Cybercrime has industrialised to a point where non-skilled criminals have the help and support of skilled professionals to grow their attacks.
In the past, these people were called ‘script kids’ because they found tools other people created and used them without knowledge of how they worked.
The difference now is that the tool creators have industrialised their business with proactive operations and customer support. In fact, an MIT study suggests that these cybercrime-as-a-service groups have an operational structure that includes organisation and target selection, and a support structure that includes human resources, marketing, delivery, and technology support.

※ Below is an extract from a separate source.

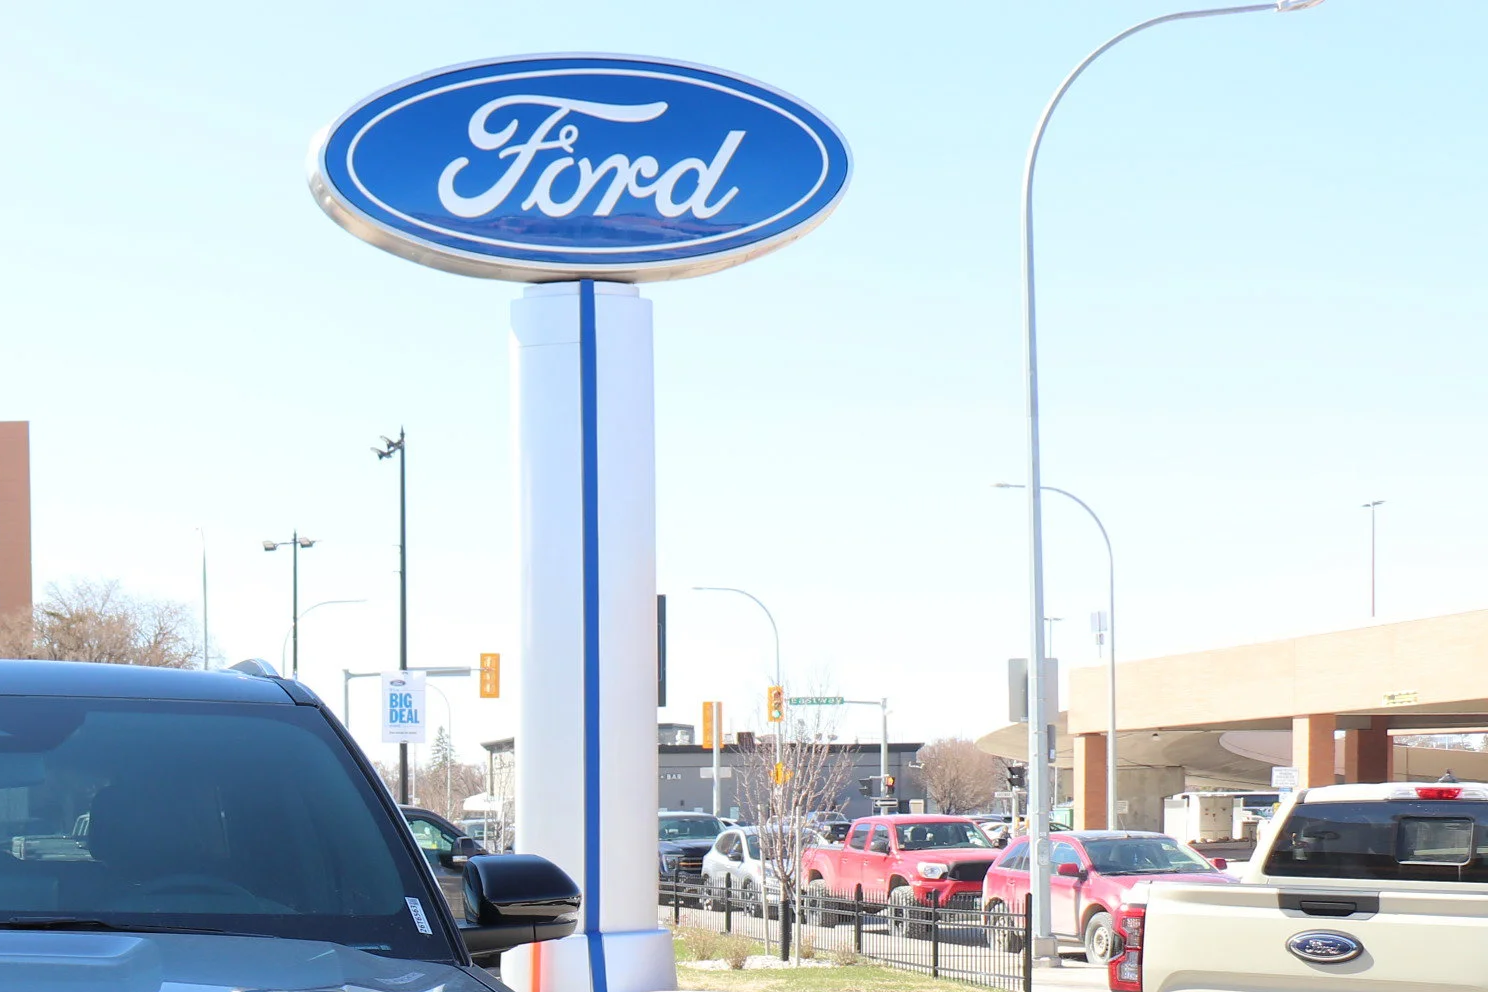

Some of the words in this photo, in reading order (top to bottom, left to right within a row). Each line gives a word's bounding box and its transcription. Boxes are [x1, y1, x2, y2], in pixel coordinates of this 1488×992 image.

[438, 94, 746, 219] Ford
[389, 692, 413, 708] BIG
[389, 708, 420, 724] DEAL
[1304, 937, 1341, 955] Ford

For a small amount of money, unskilled hackers can get a full service. Not only the tools they’ll use to hack your business, but support around them. If the tools don’t work, or they can’t figure something out, the service providers have a useful helpdesk to iron out problems, upsell capability, and train the hacker. We already know we need to be diligent against state-sponsored attackers; now we need to recognise another persistent threat with a different operating model — an active network of criminals looking to monetise hacking.
So what does this mean for security professionals?
An essential shift in thinking
We need to accept that bad actors no longer need skills to cause significant destruction or loss. Recently the focus has been on state-sponsored attacks (and these should still worry us) and we’ve taken our eye off script kids, dismissing them as minor irritations. We need to remember that all an attacker needs now is a willingness to break the law and a few dollars in their bank account to pay a company to provide training, malware, and support.
As organisations like BT have realised this, our operations and intelligence has shifted to look for organised patterns. We’re now seeing innovation in the criminal space, when a known attack is tried over-and-over, and then fails. When it fails, the attackers report back to the helpdesk, the attack is adjusted by the criminal developers, and a new attack is launched. Within our own security environment, we’ve had to adjust the threat profiles of our attackers. Advanced Persistent Threat (APT) is a colloquialism for nation state, but it shouldn’t be any longer. We now should see criminals and script kids as another form of APT, because their attacks are both advanced — they change as we prop up new defences — and persistent.
Of course threat intelligence companies are diligently working on identifying and updating attack signatures to counteract this new development. But the iteration of attacks, multiplied by the scale of willing attackers, means cyber criminals selling crime-as-a-service are a real threat that must be identified and broken up.
Unlike nation state threats, criminals — when identified — can be brought to justice. Just because our adversaries are getting more talented doesn’t mean we’re not in a position to stop them.
Partnership is the way forward
It’s easy to say what we should do: we should support each other and the police with intelligence to help identify, arrest, and prosecute criminals running crime-as-a-service.
However, it’s hard to actually do it. There needs to be a safe space for organisations and police, working together, to share intelligence without losing competitive advantage.
If we do work together, we’ll be able to support the break-up of these crime-as-a-service groups, meaning the willing, but unskilled, hackers will lose their ability to get training and support from these vendors. If all wanna-be hackers had to develop their own exploits, the threat would be reduced. While it’s unlikely that this will happen, we must strive to make their lives as hard as possible — and that can only be done through coordination with each other and the police. We’re working hard in this space, and we’ve recently formed a partnership with INTERPOL to share intelligence. Perhaps this could become an effective way forward.